:: ACTIVITY ::
A word-for-word copy of the following listing is needed. Leave out its images.
##### MATERIAL TO PROCESS #####
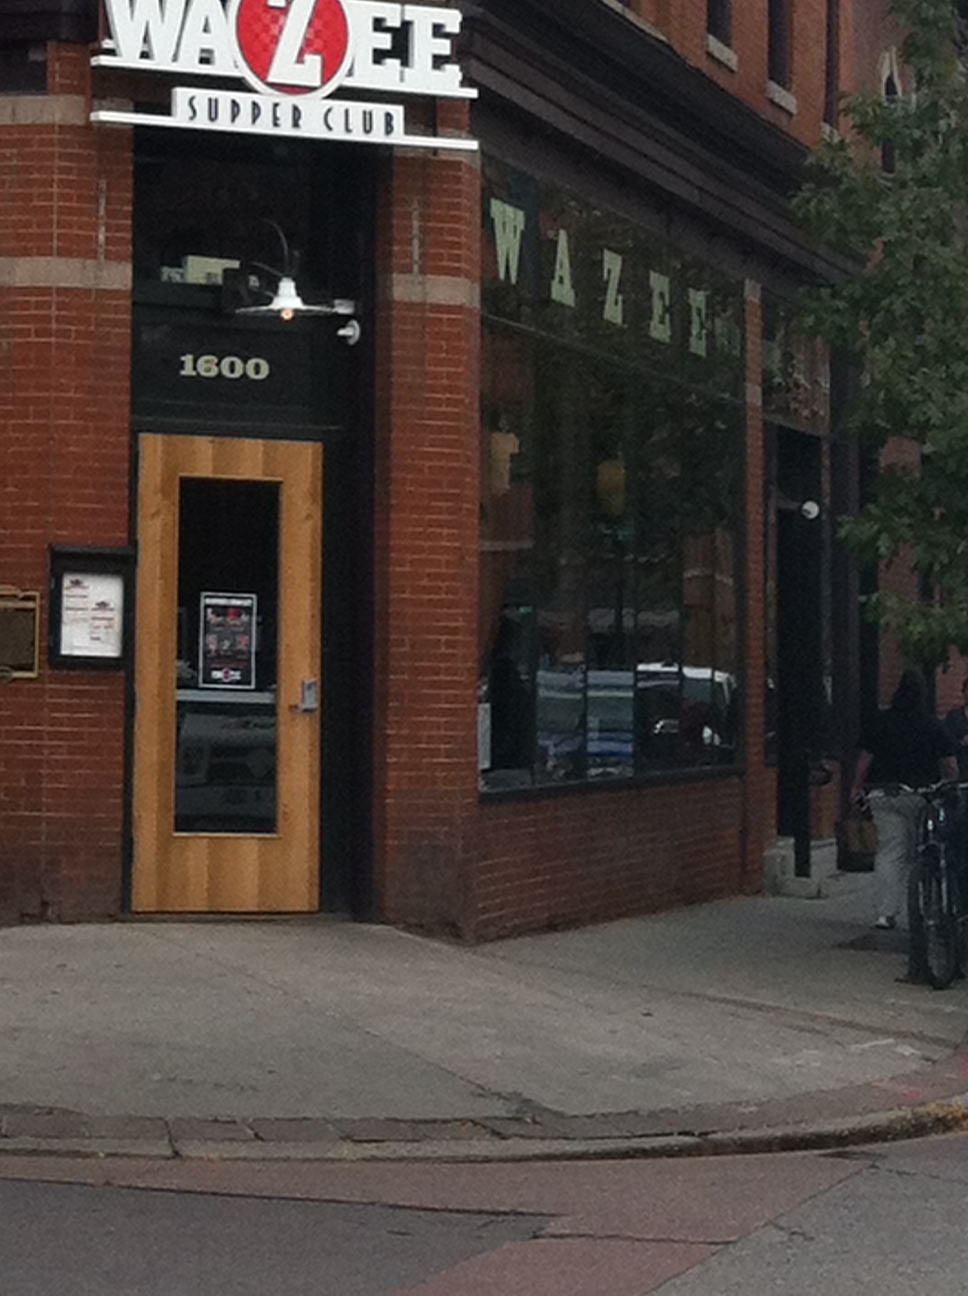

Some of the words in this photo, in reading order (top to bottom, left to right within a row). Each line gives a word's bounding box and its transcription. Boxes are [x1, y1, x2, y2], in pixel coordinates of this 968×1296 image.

[188, 95, 302, 129] SUPPER
[323, 106, 395, 136] CLUB
[489, 197, 709, 358] WAZEE
[180, 354, 270, 381] 1600
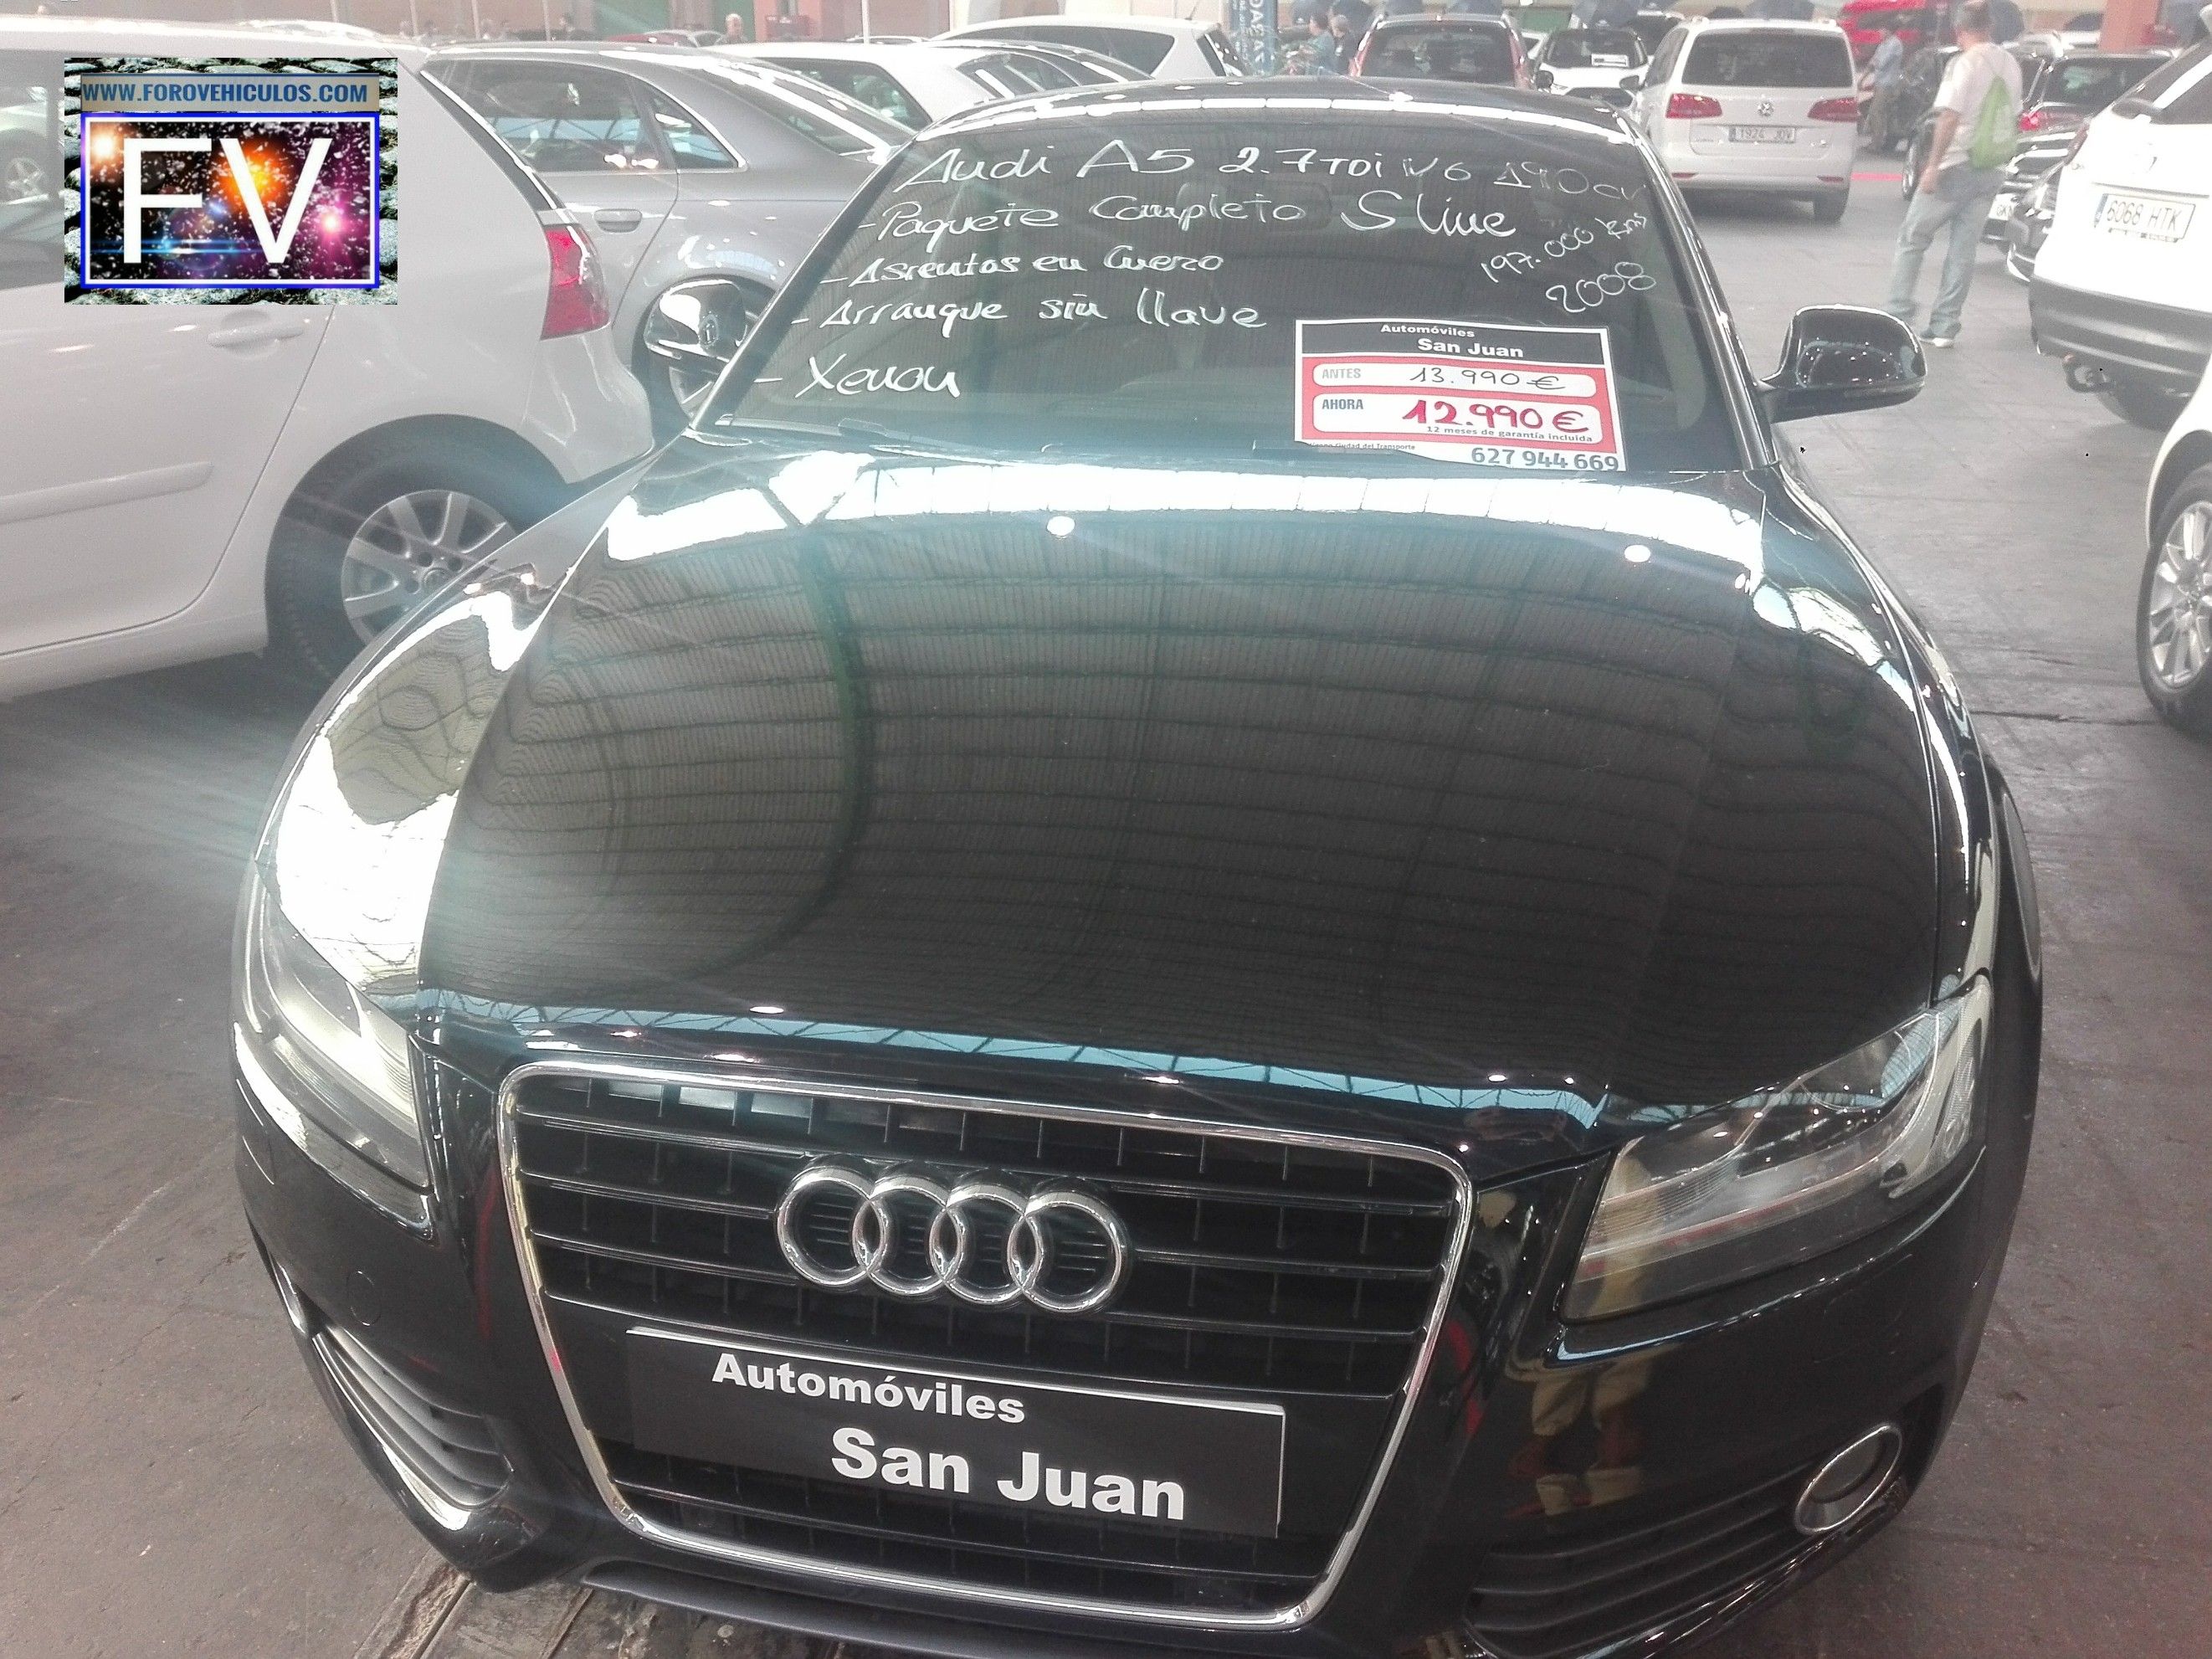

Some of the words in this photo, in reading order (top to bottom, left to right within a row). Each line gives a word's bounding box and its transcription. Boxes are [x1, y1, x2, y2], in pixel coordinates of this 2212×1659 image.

[892, 145, 1054, 193] Audi
[1075, 139, 1195, 178] A5
[1088, 192, 1306, 232] Completo
[1103, 244, 1224, 272] Cuero
[1545, 261, 1657, 314] 2008
[1137, 286, 1267, 328] llave
[1380, 324, 1476, 338] Automóviles
[1417, 337, 1461, 354] San
[1467, 340, 1524, 359] Juan
[1321, 367, 1362, 380] ANTES
[1321, 398, 1364, 411] AHORA
[1427, 425, 1440, 434] 12
[1481, 429, 1495, 437] de
[1498, 430, 1546, 440] garantía
[1548, 433, 1594, 443] incluida
[1470, 446, 1516, 465] 627
[1522, 449, 1568, 470] 944
[1573, 454, 1619, 472] 669
[710, 1351, 1027, 1425] Automóviles
[830, 1426, 971, 1495] San
[996, 1449, 1185, 1522] Juan
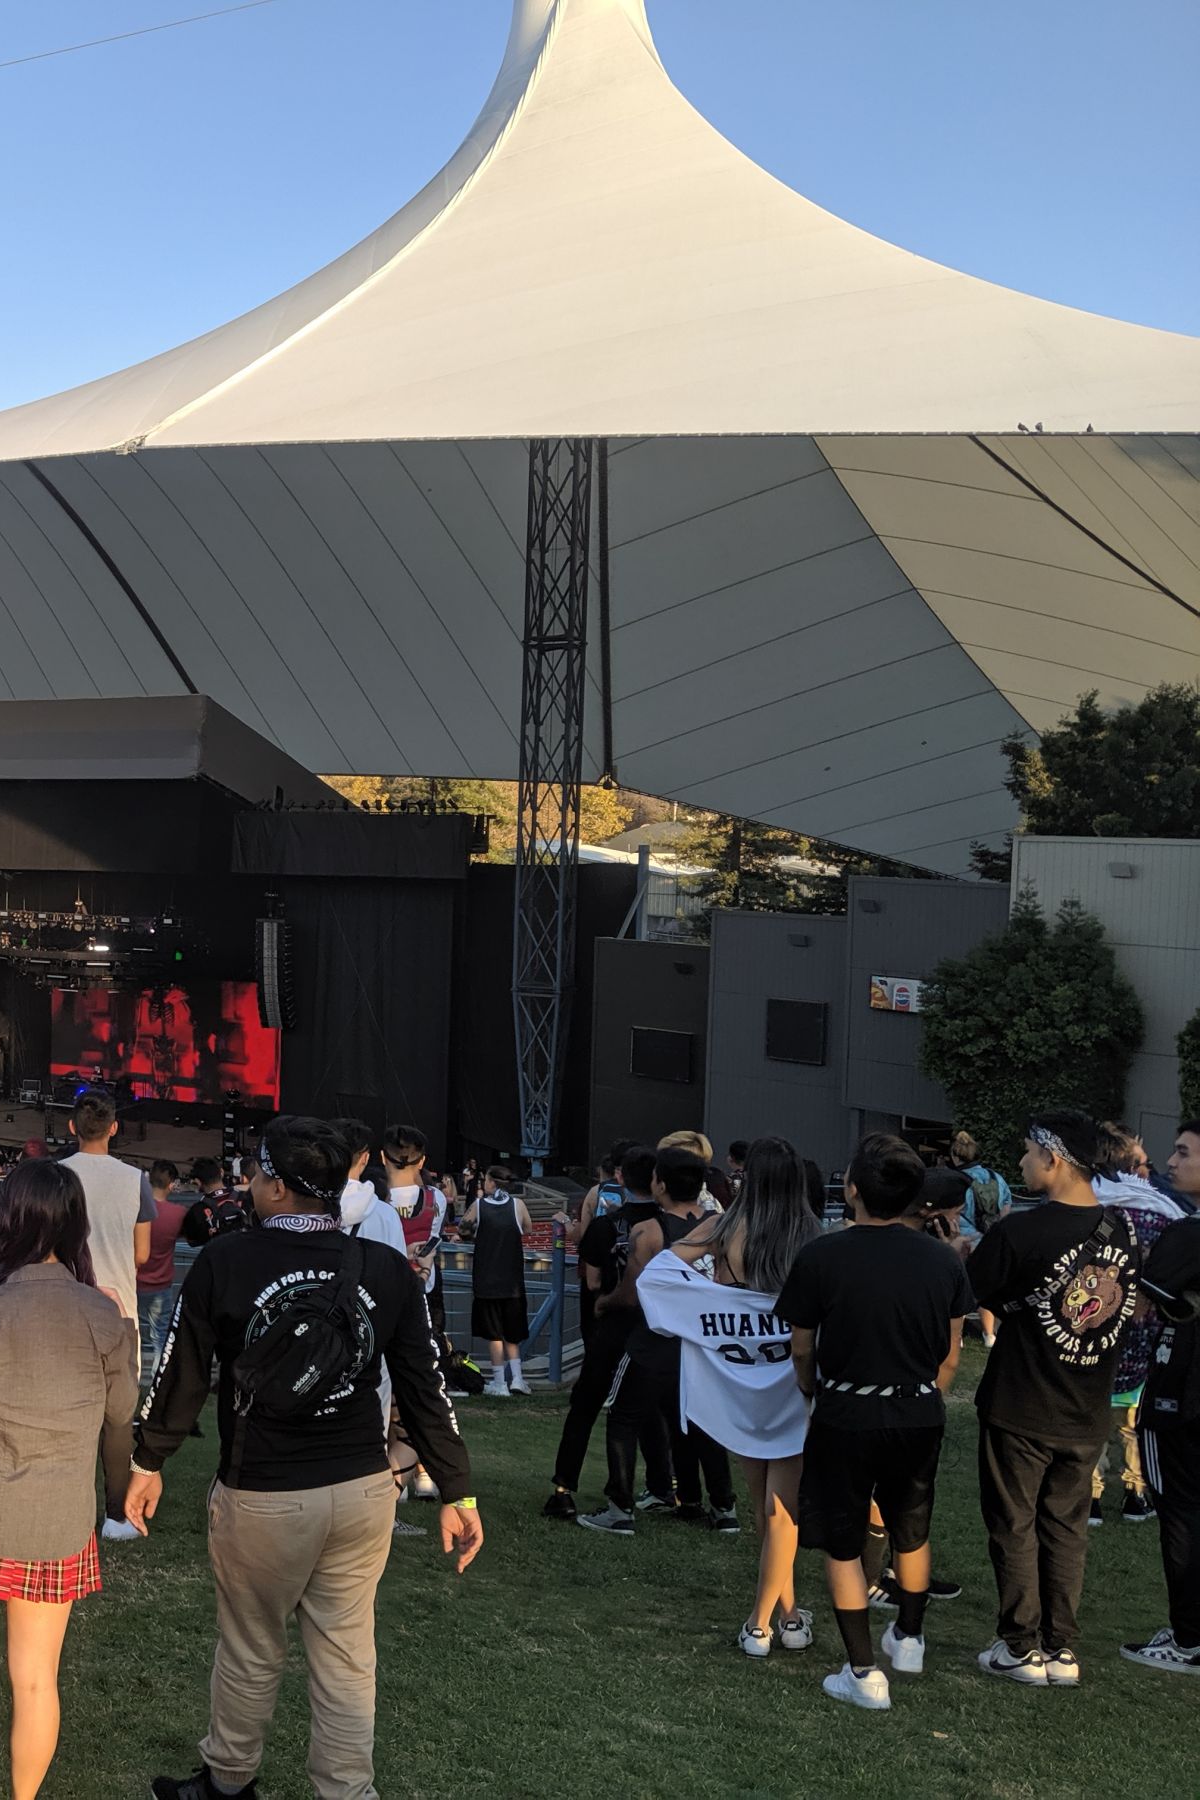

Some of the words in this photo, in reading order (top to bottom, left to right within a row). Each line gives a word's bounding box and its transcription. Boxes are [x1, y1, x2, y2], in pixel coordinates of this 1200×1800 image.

[254, 1281, 281, 1308] HERE
[281, 1271, 305, 1286] FOR
[306, 1269, 316, 1280] A
[700, 1312, 792, 1337] HUANG
[1080, 1354, 1100, 1365] 2015
[293, 1372, 311, 1392] adidas
[140, 1386, 156, 1421] NOT
#####
:: SOLUTION FOR THIS EXERCISE ::
Some of the words in this photo, in reading order (top to bottom, left to right within a row). Each line gives a word's bounding box and its transcription. Boxes are [x1, y1, x2, y2], in pixel coordinates of this 968×1296 image.

[188, 95, 302, 129] SUPPER
[323, 106, 395, 136] CLUB
[489, 197, 709, 358] WAZEE
[180, 354, 270, 381] 1600

Some of the words in this photo, in reading order (top to bottom, left to right within a row). Each line gives a word's bounding box and its transcription. Boxes are [x1, y1, x2, y2], in pixel coordinates of this 2212×1659 image.

[892, 145, 1054, 193] Audi
[1075, 139, 1195, 178] A5
[1088, 192, 1306, 232] Completo
[1103, 244, 1224, 272] Cuero
[1545, 261, 1657, 314] 2008
[1137, 286, 1267, 328] llave
[1380, 324, 1476, 338] Automóviles
[1417, 337, 1461, 354] San
[1467, 340, 1524, 359] Juan
[1321, 367, 1362, 380] ANTES
[1321, 398, 1364, 411] AHORA
[1427, 425, 1440, 434] 12
[1481, 429, 1495, 437] de
[1498, 430, 1546, 440] garantía
[1548, 433, 1594, 443] incluida
[1470, 446, 1516, 465] 627
[1522, 449, 1568, 470] 944
[1573, 454, 1619, 472] 669
[710, 1351, 1027, 1425] Automóviles
[830, 1426, 971, 1495] San
[996, 1449, 1185, 1522] Juan

Some of the words in this photo, in reading order (top to bottom, left to right within a row). Each line gives a word's bounding box and its transcription. Boxes are [x1, y1, x2, y2], in pixel coordinates of this 1200×1800 image.

[254, 1281, 281, 1308] HERE
[281, 1271, 305, 1286] FOR
[306, 1269, 316, 1280] A
[700, 1312, 792, 1337] HUANG
[1080, 1354, 1100, 1365] 2015
[293, 1372, 311, 1392] adidas
[140, 1386, 156, 1421] NOT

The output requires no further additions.